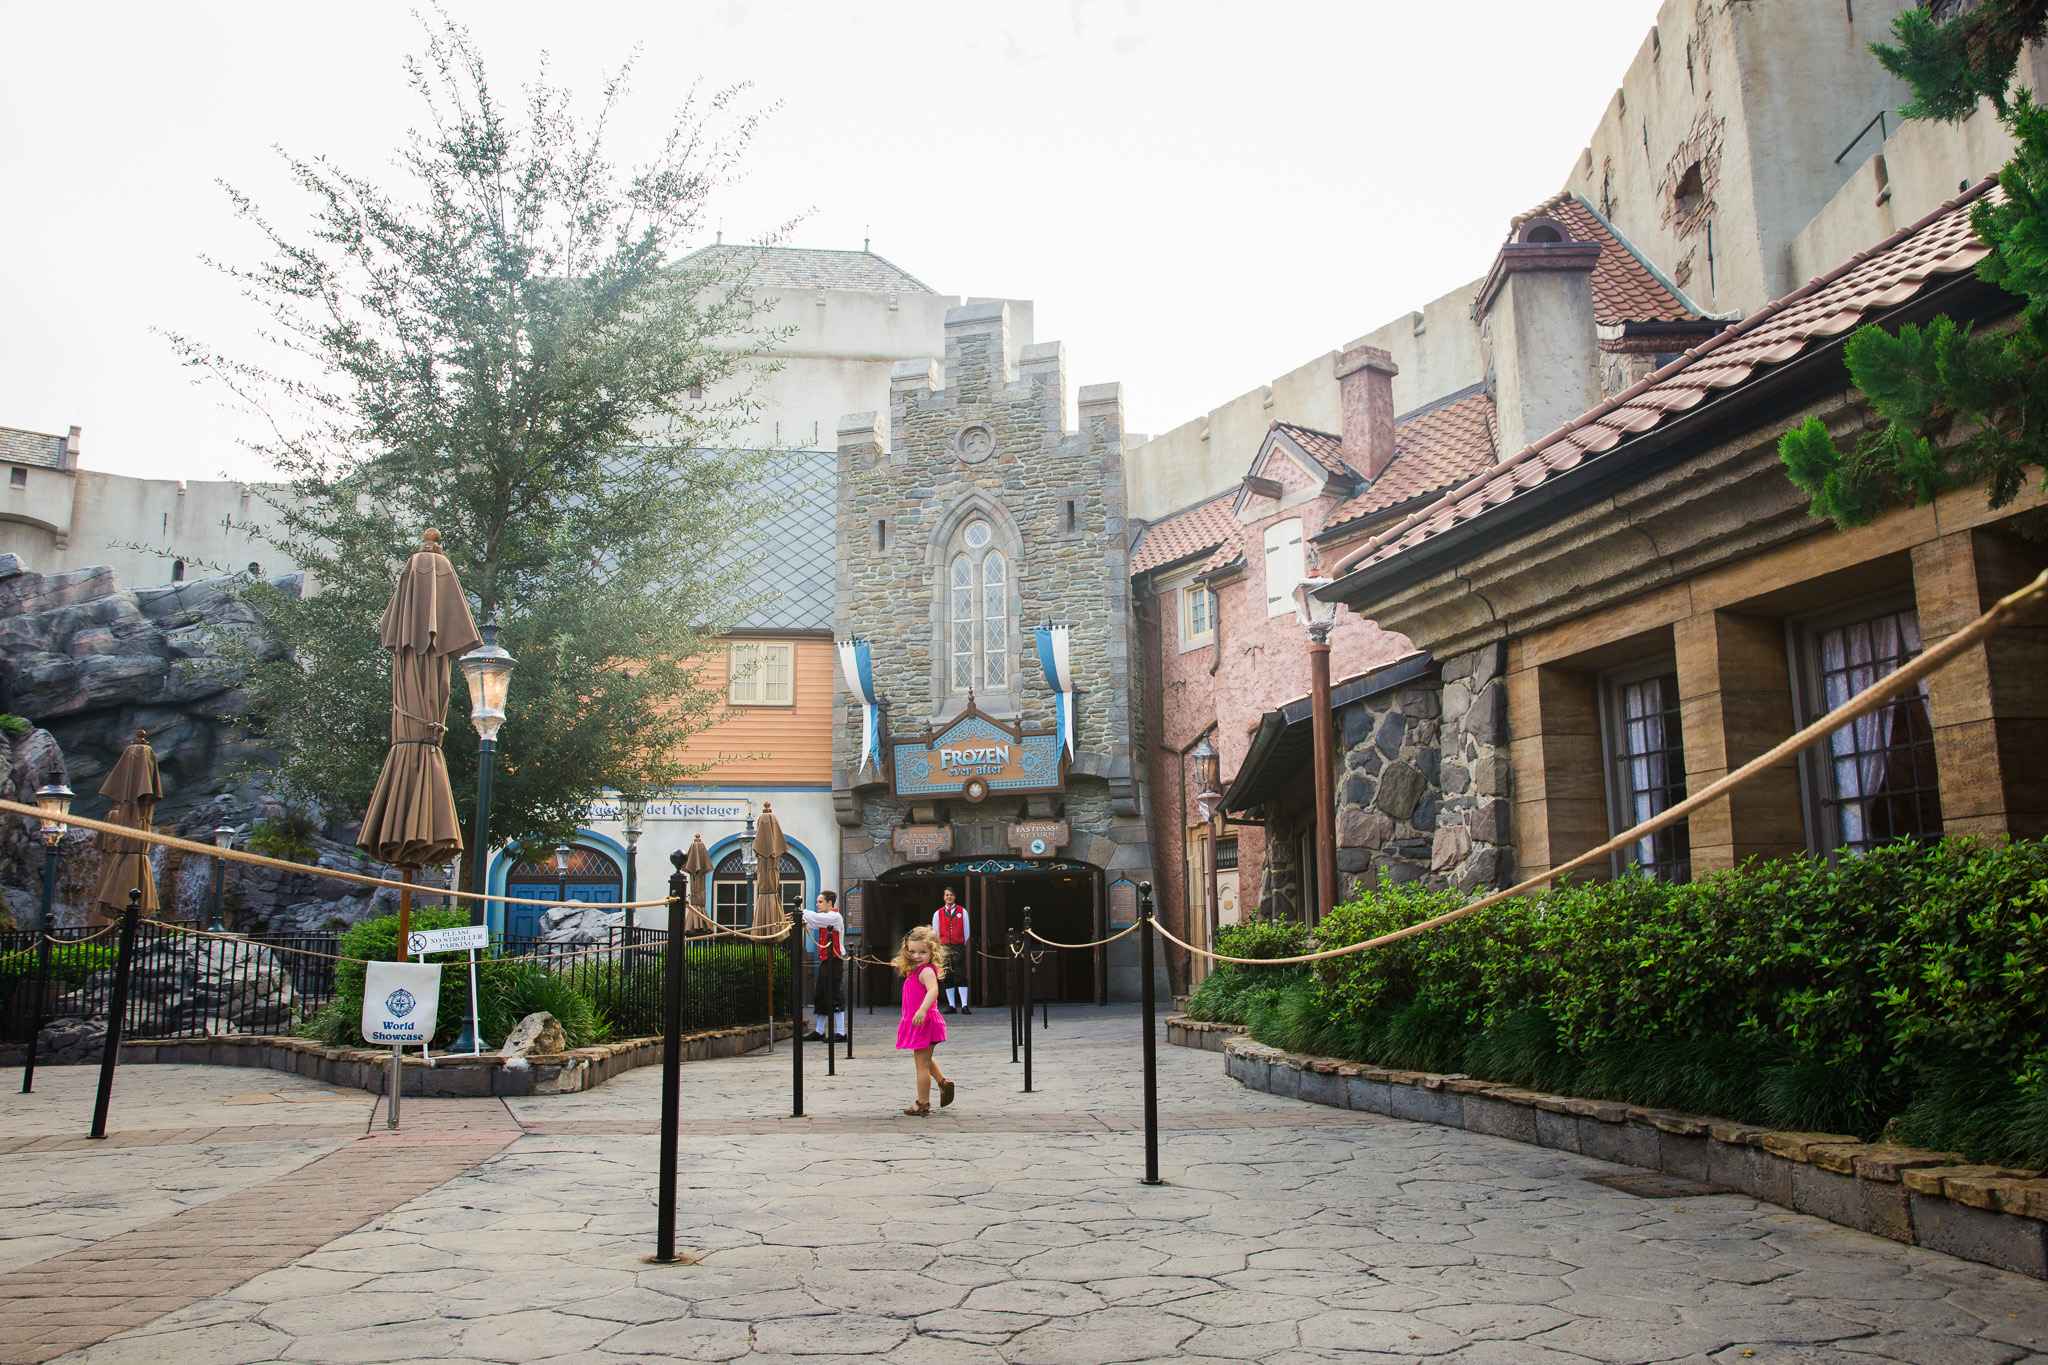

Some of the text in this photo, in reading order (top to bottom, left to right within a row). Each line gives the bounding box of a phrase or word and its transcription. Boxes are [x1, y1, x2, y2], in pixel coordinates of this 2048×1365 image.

[940, 745, 1010, 770] FROZEN
[948, 765, 1004, 776] ever after
[646, 804, 740, 817] det Kjølelager
[1020, 831, 1055, 839] RETURN
[442, 929, 471, 937] PLEASE
[443, 934, 483, 943] STROLLER
[440, 941, 474, 949] PARKING
[383, 1021, 415, 1030] World
[372, 1031, 424, 1041] Showcase

· · · · ·

Images are not wanted in the copy. Please print the material above exactly.

(WRITTEN ANSWER)
Some of the text in this photo, in reading order (top to bottom, left to right within a row). Each line gives the bounding box of a phrase or word and its transcription. Boxes are [x1, y1, x2, y2], in pixel coordinates of this 2048×1365 image.

[940, 745, 1010, 770] FROZEN
[948, 765, 1004, 776] ever after
[646, 804, 740, 817] det Kjølelager
[1020, 831, 1055, 839] RETURN
[442, 929, 471, 937] PLEASE
[443, 934, 483, 943] STROLLER
[440, 941, 474, 949] PARKING
[383, 1021, 415, 1030] World
[372, 1031, 424, 1041] Showcase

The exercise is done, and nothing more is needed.